[WORK REQUEST] The entries are to be output word for word, with the pictures omitted.

[Image-backed grounding data]
■ ■ ■ ■ ■

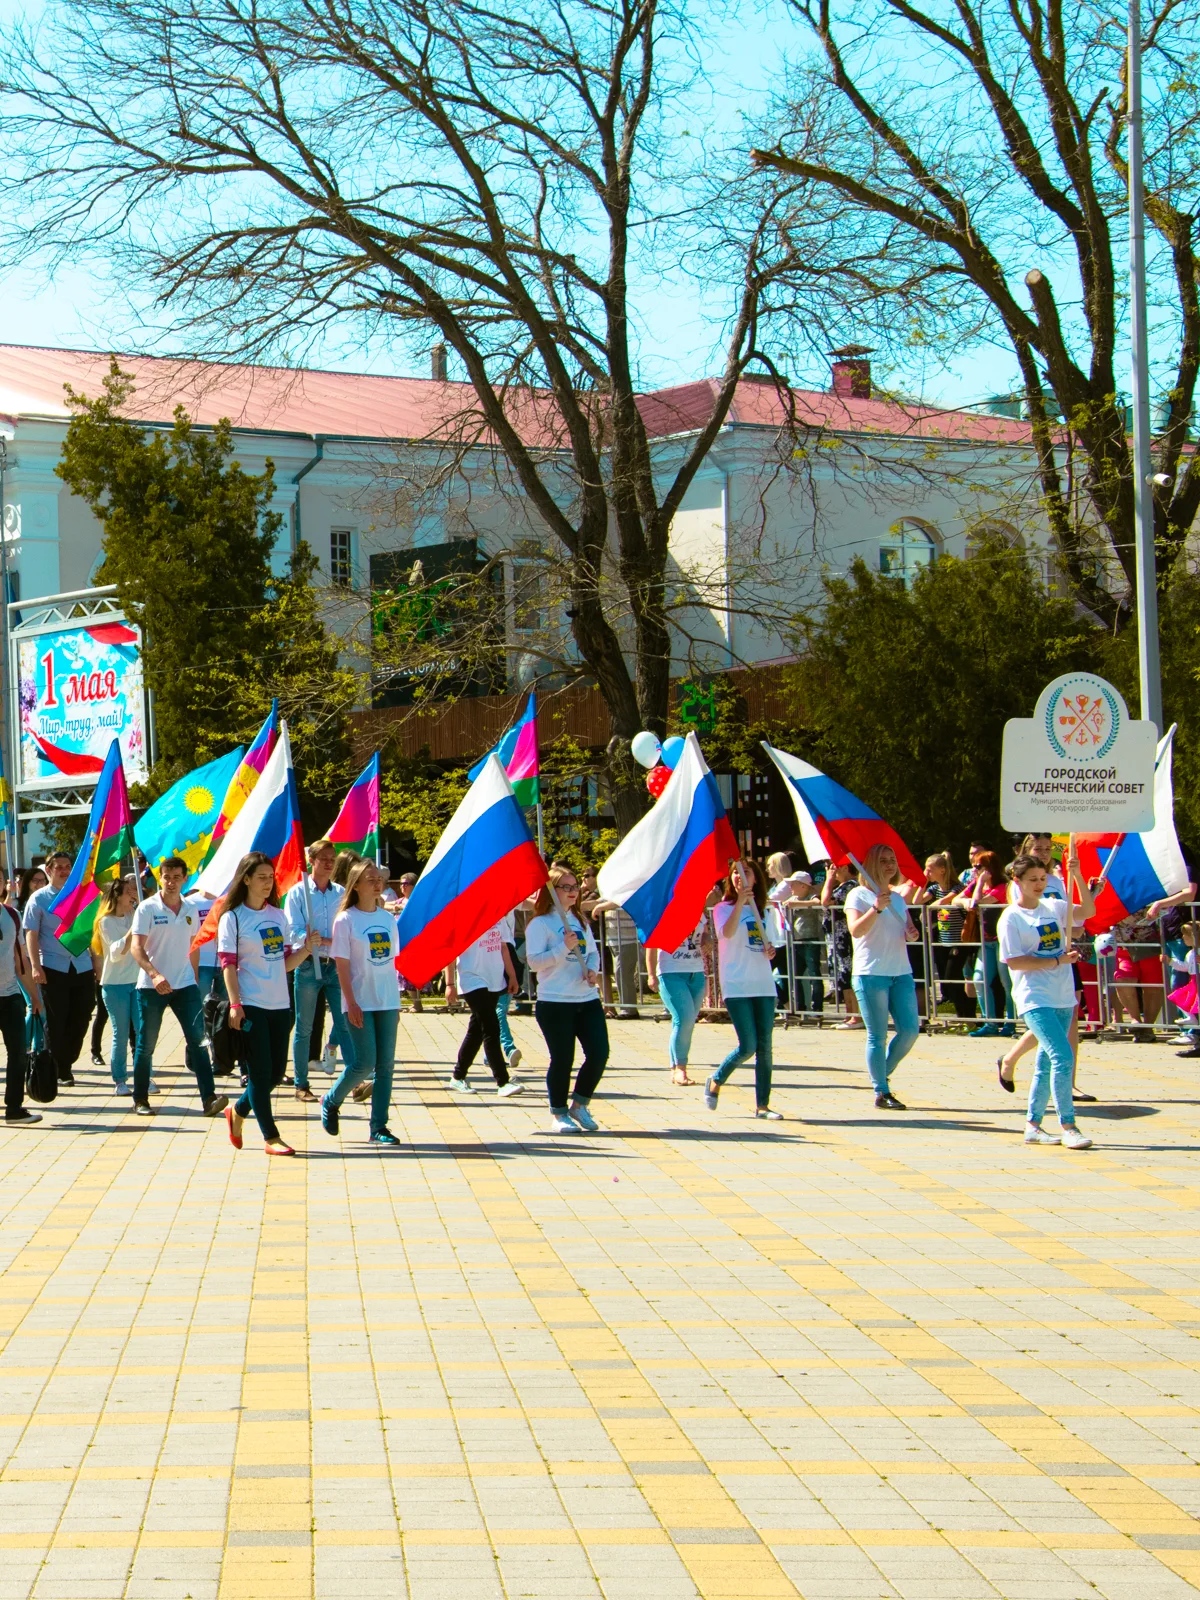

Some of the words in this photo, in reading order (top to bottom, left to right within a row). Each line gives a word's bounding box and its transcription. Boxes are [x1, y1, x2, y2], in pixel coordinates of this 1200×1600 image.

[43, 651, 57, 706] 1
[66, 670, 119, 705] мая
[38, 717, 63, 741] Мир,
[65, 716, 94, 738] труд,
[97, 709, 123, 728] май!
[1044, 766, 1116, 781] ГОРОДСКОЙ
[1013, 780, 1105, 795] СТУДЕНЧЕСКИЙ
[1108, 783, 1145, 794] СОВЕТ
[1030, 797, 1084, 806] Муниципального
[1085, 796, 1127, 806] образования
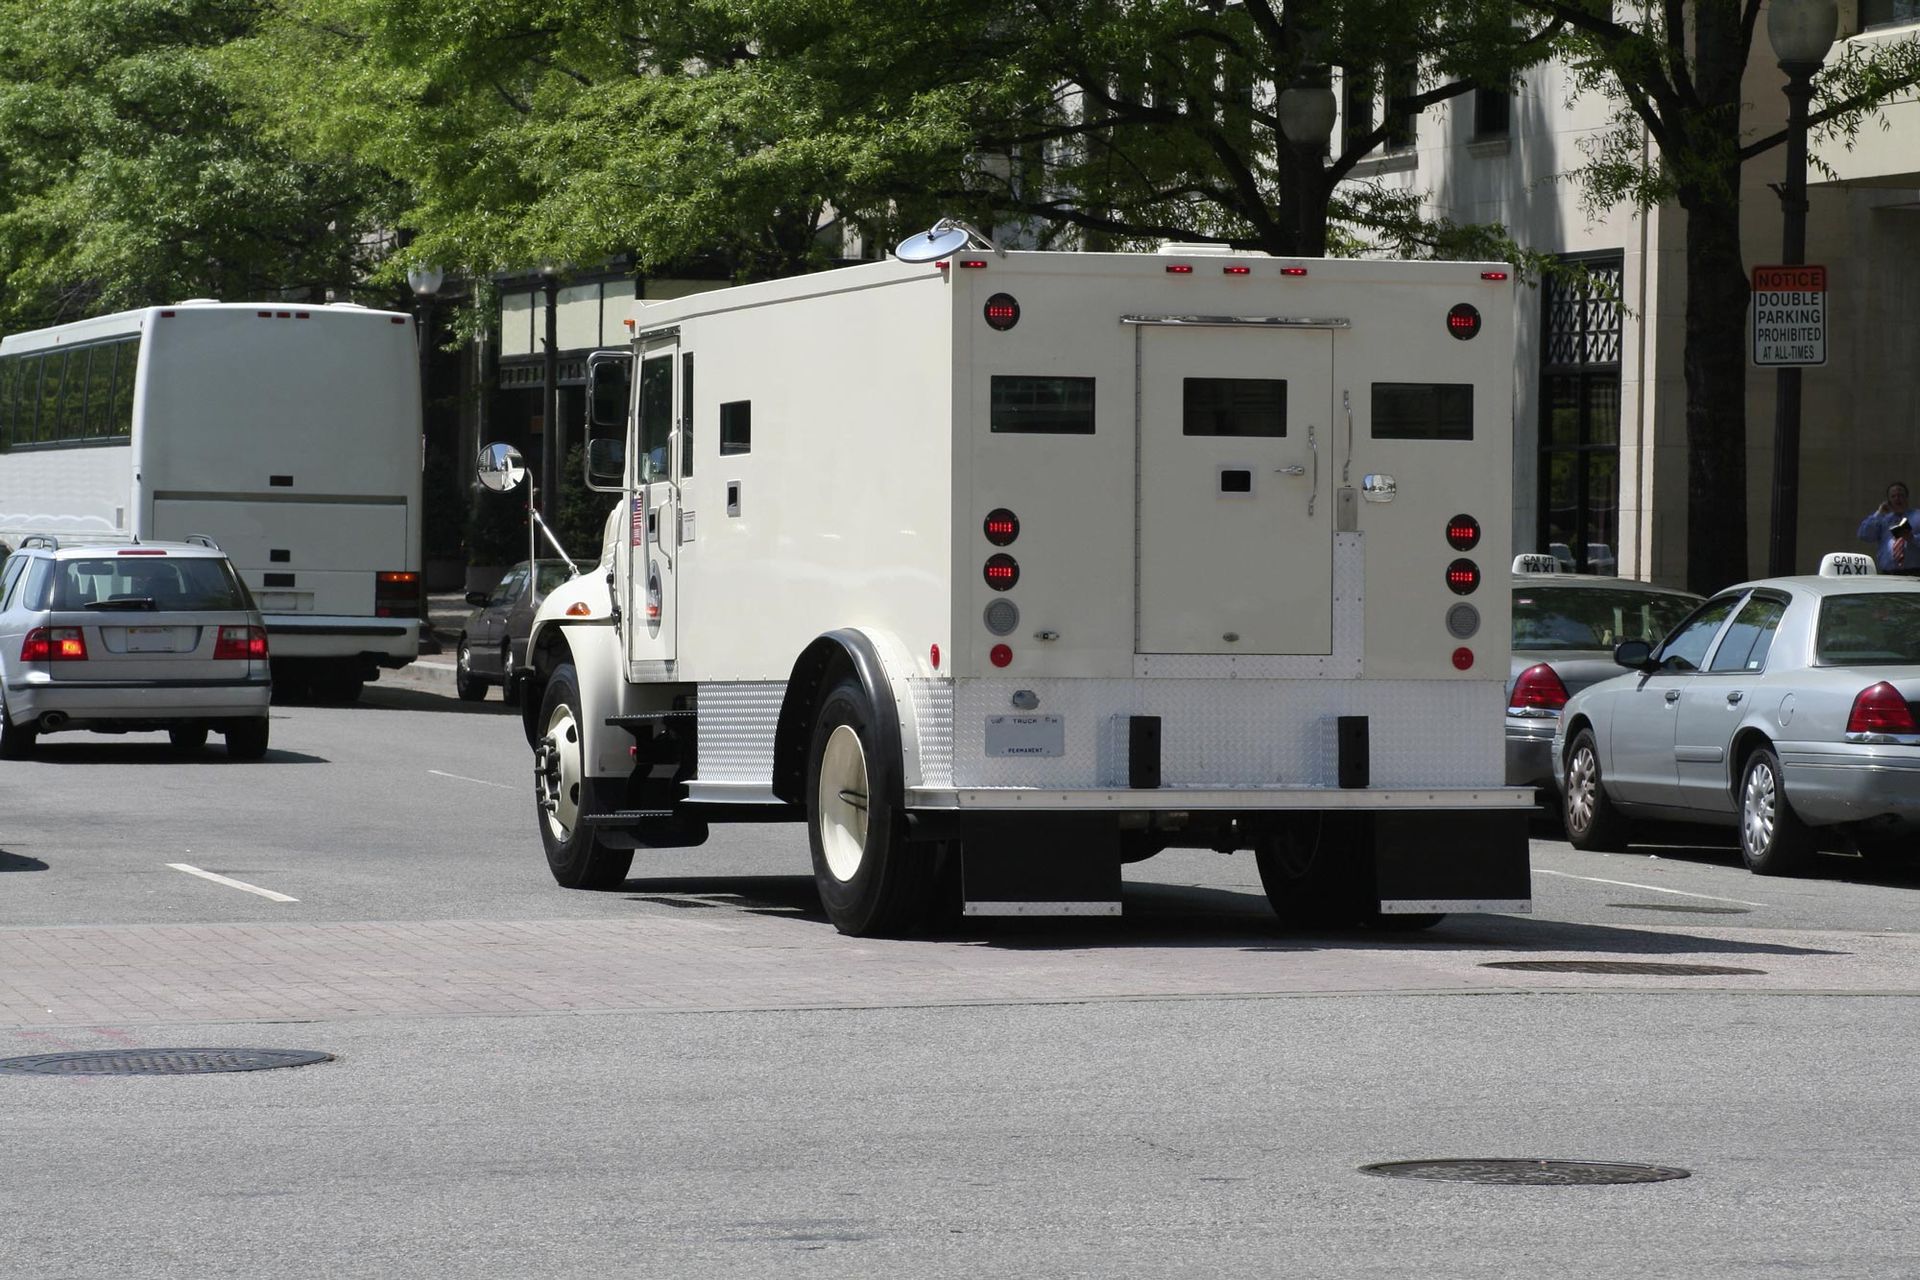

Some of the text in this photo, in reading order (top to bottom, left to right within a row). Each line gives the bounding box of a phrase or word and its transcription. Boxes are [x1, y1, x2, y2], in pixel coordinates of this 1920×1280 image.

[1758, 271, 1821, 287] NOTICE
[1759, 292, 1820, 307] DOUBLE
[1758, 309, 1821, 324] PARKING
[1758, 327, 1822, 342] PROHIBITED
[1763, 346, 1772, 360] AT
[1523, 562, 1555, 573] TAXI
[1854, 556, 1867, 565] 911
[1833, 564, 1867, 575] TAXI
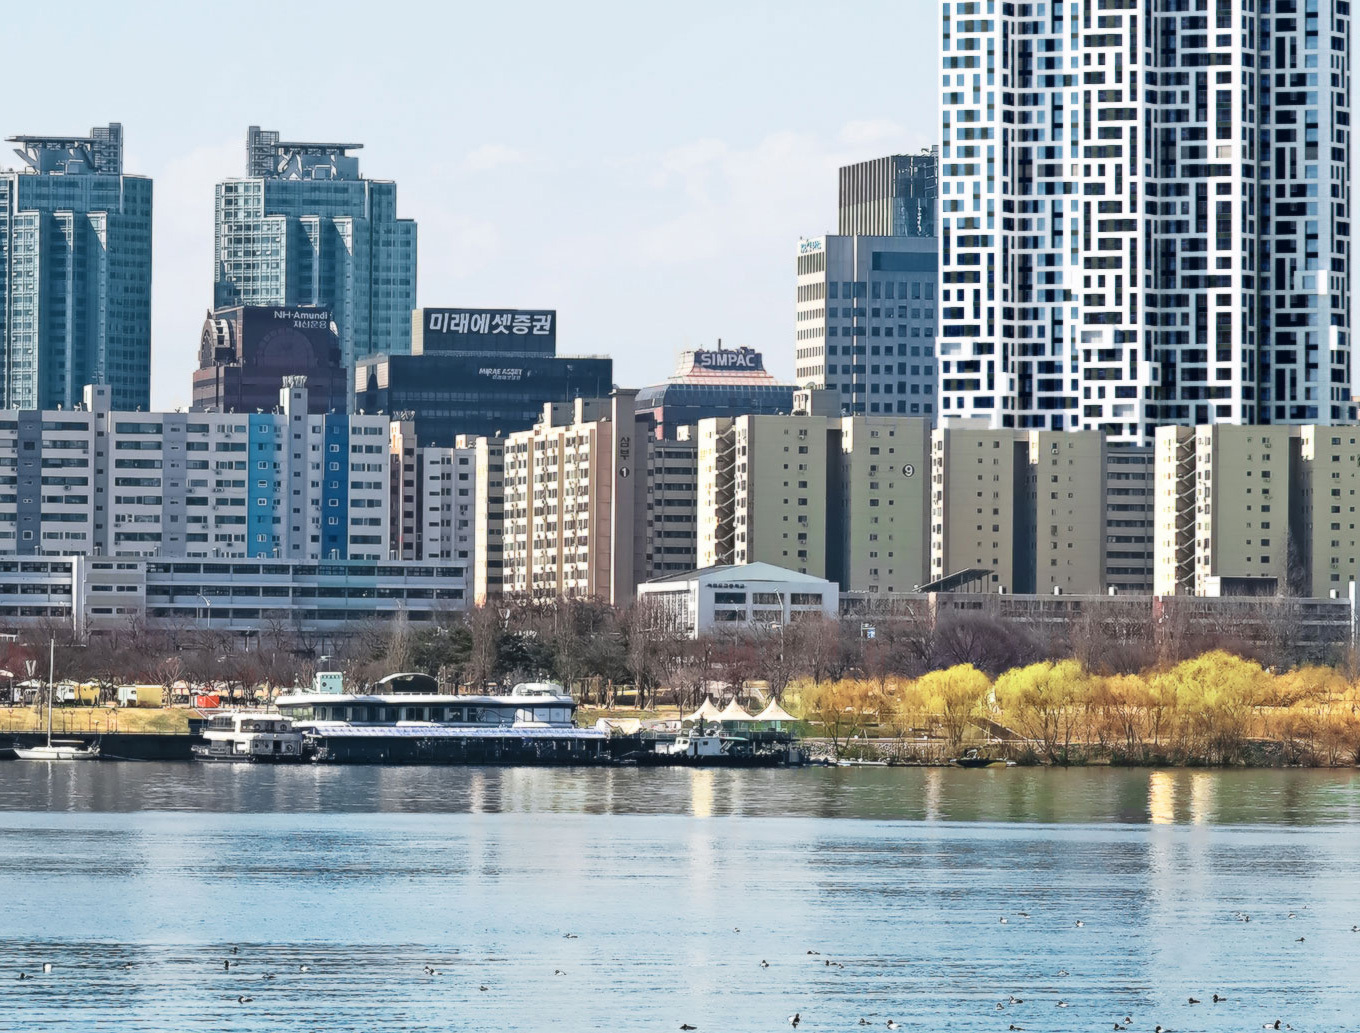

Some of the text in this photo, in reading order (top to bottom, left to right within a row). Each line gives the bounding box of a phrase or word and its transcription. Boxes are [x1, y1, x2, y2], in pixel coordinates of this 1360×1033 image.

■ ■ ■ ■ ■

[RESULT OF THE TASK]
Some of the words in this photo, in reading order (top to bottom, left to right within a row). Each line gives a word's bounding box and its transcription. Boxes are [x1, y1, x2, y2], in pixel coordinates of this 1200×1600 image.

[43, 651, 57, 706] 1
[66, 670, 119, 705] мая
[38, 717, 63, 741] Мир,
[65, 716, 94, 738] труд,
[97, 709, 123, 728] май!
[1044, 766, 1116, 781] ГОРОДСКОЙ
[1013, 780, 1105, 795] СТУДЕНЧЕСКИЙ
[1108, 783, 1145, 794] СОВЕТ
[1030, 797, 1084, 806] Муниципального
[1085, 796, 1127, 806] образования

Some of the text in this photo, in reading order (top to bottom, left to right within a row). Each line gives the bounding box of a phrase or word and its transcription. Boxes are [x1, y1, x2, y2], in pixel coordinates of this 1920×1280 image.

[1758, 271, 1821, 287] NOTICE
[1759, 292, 1820, 307] DOUBLE
[1758, 309, 1821, 324] PARKING
[1758, 327, 1822, 342] PROHIBITED
[1763, 346, 1772, 360] AT
[1523, 562, 1555, 573] TAXI
[1854, 556, 1867, 565] 911
[1833, 564, 1867, 575] TAXI

Some of the text in this photo, in reading order (top to bottom, left to right within a row). Each line gives the bounding box of a phrase or word and its transcription. Boxes are [x1, y1, x2, y2], in pixel coordinates of this 1360×1033 image.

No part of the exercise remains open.